Here’s a real interaction flow:

utopictown Today at 2:15 PM
Build a health check endpoint that returns {“status”:“ok”} with timestamp

Hermes Today at 2:15 PM
🚀 Delegating to OpenCode in ~/projects/myapp

Hermes Today at 2:17 PM
Done in myapp

What changed:
src/routes/health.ts — new health check endpoint with timestamp
tests/health.test.ts — 4 test cases (200, timestamp format, DB down, rate limit)

Tests: 4/4 passed
Status: ✅ Ready to merge

Two-minute turnaround. I didn’t touch a terminal, didn’t cd, didn’t remember flags.


Token Economics

The obvious question: does this cost more than using OpenCode directly?

Direct opencode runVia Hermes dispatcher
Hermes tokens0~7-13K input
OpenCode tokensX (the real work)X (same work)
Extra cost$0~$0.0014/task

With DeepSeek v4-pro at $0.14/1M input tokens, 10K extra tokens costs $0.0014 — about 1/7th of a cent. The system prompt caches across messages in the same thread, so subsequent tasks in a thread cost even less.

Compared to having Hermes write code directly (30-100K tokens per task), the dispatcher pattern is 3-10x cheaper in Hermes tokens. The coding work stays in OpenCode where it belongs.


Why Not Just Use OpenCode Directly?

You absolutely can. opencode run "build X" --thinking in the terminal is faster and cheaper for one-off tasks. The dispatcher isn’t about replacing that workflow — it’s about scaling it.

The dispatcher earns its pennies when:

  • You’re juggling 3+ projects and don’t want to manage workdirs manually
  • You want a central log of all build tasks (every thread = permanent record)
  • You’re running parallel tasks that need isolation
  • You want structured, consistent reporting per task
  • You’re already in Discord and don’t want to context-switch

It’s a convenience layer, not a replacement.


What’s Missing

A few things I’d like to add next:

  • Thread tags → workdir mapping: Discord forum tags aren’t currently surfaced by Hermes’ adapter (plugins/platforms/discord/adapter.py doesn’t extract applied_tags). Thread names work fine as a proxy, but proper tag support would be cleaner.

  • Persistent worktree cleanup: Currently manual after user approval. A cron job to prune orphaned worktrees would be straightforward.

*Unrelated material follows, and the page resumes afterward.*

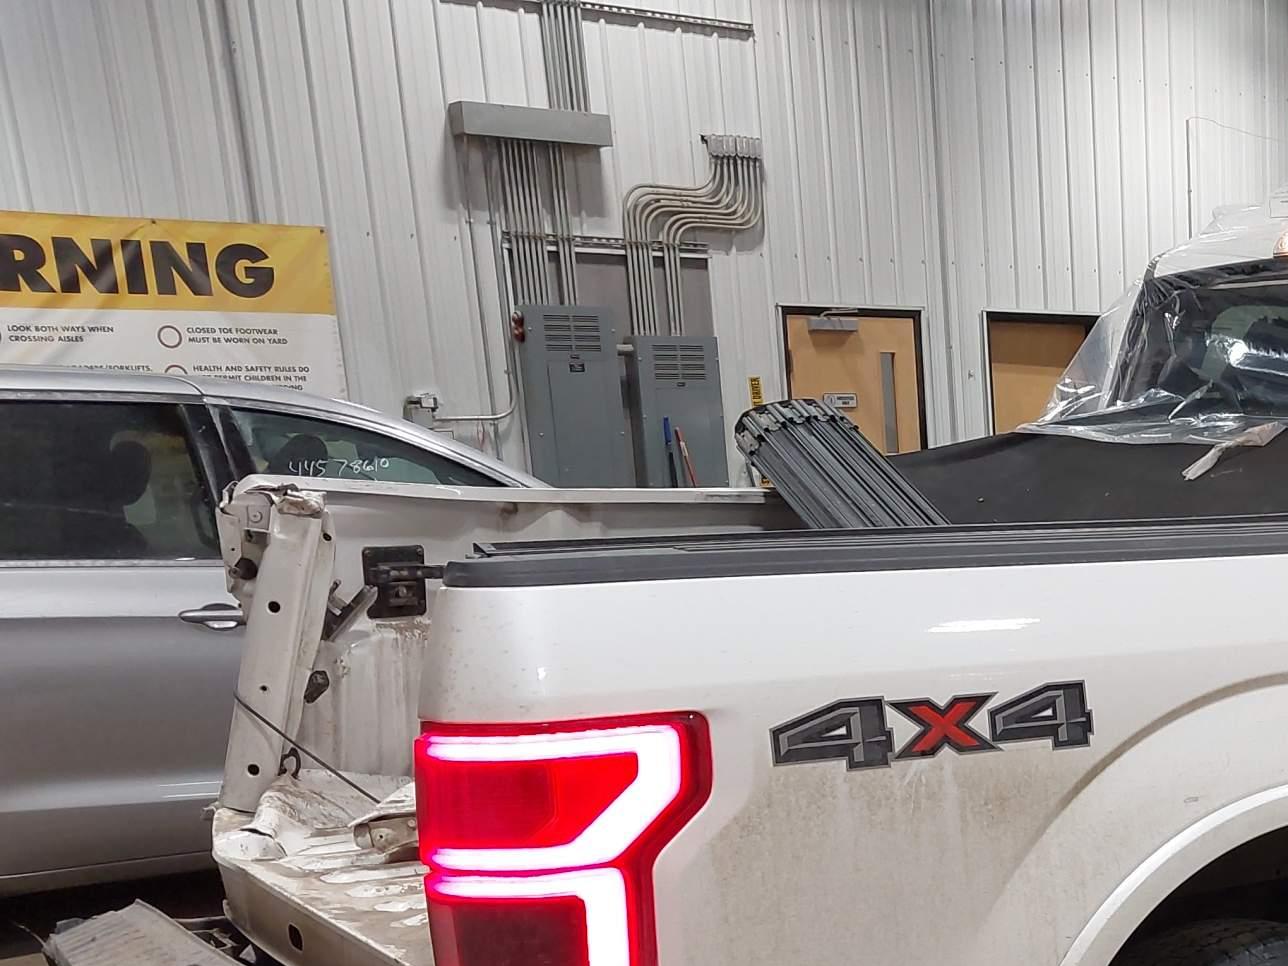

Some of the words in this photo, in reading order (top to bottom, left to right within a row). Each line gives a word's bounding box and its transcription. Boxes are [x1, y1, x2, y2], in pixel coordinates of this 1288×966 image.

  • Per-project skill customization: Some projects might want TDD enforced, others might want specific linting rules. Letting threads inherit project-specific OpenCode instructions from a config file in the repo.


The Files

Everything described here:

  • Config: ~/.hermes/config.yaml — the three Discord sections above
  • Skill: ~/.hermes/skills/autonomous-ai-agents/forum-build-dispatcher/SKILL.md — full dispatcher workflow
  • OpenCode: ~/.opencode/bin/opencode (symlinked to ~/.local/bin/opencode), v1.15.13

That’s it. No new services, no databases, no webhooks. Just config, a skill file, and the tools already running.